Keranatural can help reduce the irregularities that cause vision problems in keratoconus by improving the shape and thickness of the cornea. This in turn can lead to improved visual acuity and greater comfort in wearing contact lenses.
However, the suitability of Keranatural for a patient with keratoconus who wears contact lenses will depend on several factors, including the severity and progression of keratoconus, the thickness of the cornea and the patient’s overall eye health.
It is important that keratoconus patients considering using Keranatural undergo a comprehensive eye examination and consult with an ophthalmologist who specializes in the treatment of keratoconus. The ophthalmologist can assess the patient’s condition and determine whether Keranatural is a suitable treatment option.
Keranatural treatment (also known as intracorneal ring segments or ICRS) is a surgical procedure that involves the placement of plastic rings in the cornea to reshape it and improve vision in keratoconus patients.
A patient’s suitability for this treatment depends on several factors, including the severity of keratoconus, the thickness and shape of the cornea, and the overall health of the eye.
In general, allograft corneal ring treatment may be suitable for patients with mild to moderate keratoconus who have not responded to other treatments such as contact lenses or glasses. It may also be an option for patients who are not candidates for corneal transplant surgery.
However, the final decision on whether a patient is suitable for this treatment should be made by an ophthalmologist specializing in keratoconus management after a thorough evaluation of the patient’s eye health and condition.
Corneal cross-linking is a treatment for keratoconus, a condition in which the cornea (the transparent front part of the eye) becomes progressively thinner and protrudes outward in a cone shape, causing visual impairment and reduced vision.

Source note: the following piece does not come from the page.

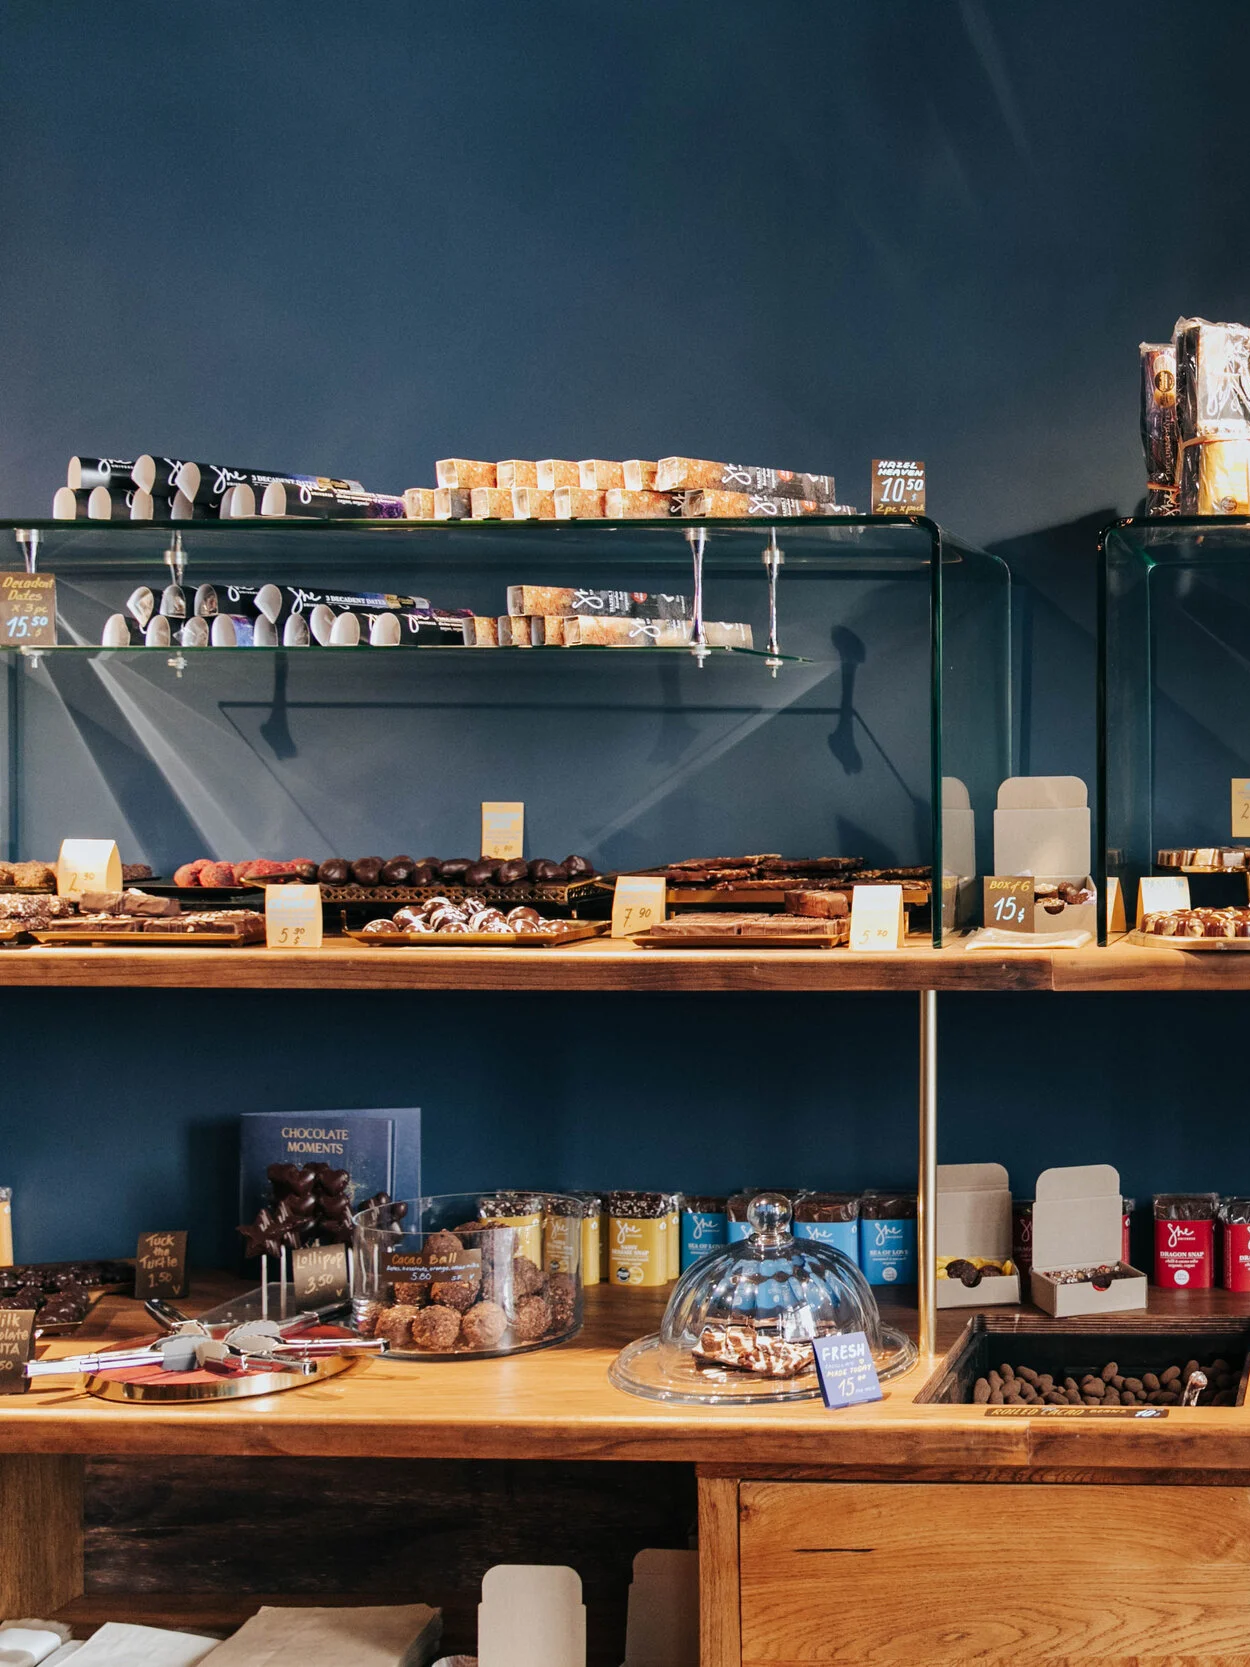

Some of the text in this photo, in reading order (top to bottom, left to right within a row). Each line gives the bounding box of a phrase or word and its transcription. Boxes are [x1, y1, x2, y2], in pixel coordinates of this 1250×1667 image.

The benefits of corneal cross-linking treatment for keratoconus include
Stopping progression: Corneal cross-linking treatment uses riboflavin drops and ultraviolet light to strengthen the cornea’s collagen fibers, which slows or stops the progression of keratoconus.
Prevents the need for a corneal transplant: By stopping the progression of keratoconus, corneal cross-linking can prevent the need for a corneal transplant, a surgical procedure that replaces the entire cornea with a donor cornea.
Improved vision: Corneal cross-linking can also improve visual acuity by flattening the cornea and reducing irregularities that cause visual distortion.
Minimal side effects: Side effects of corneal cross-linking treatment are usually mild and temporary, such as discomfort, light sensitivity and blurred vision. Serious complications are rare.
Overall, corneal cross-linking is a safe and effective treatment for keratoconus and can help maintain and improve visual function while eliminating the need for more invasive procedures. It is important to note that not all patients with keratoconus may be suitable for corneal cross-linking and that a thorough eye examination and consultation with an ophthalmologist is necessary to determine the most appropriate treatment plan.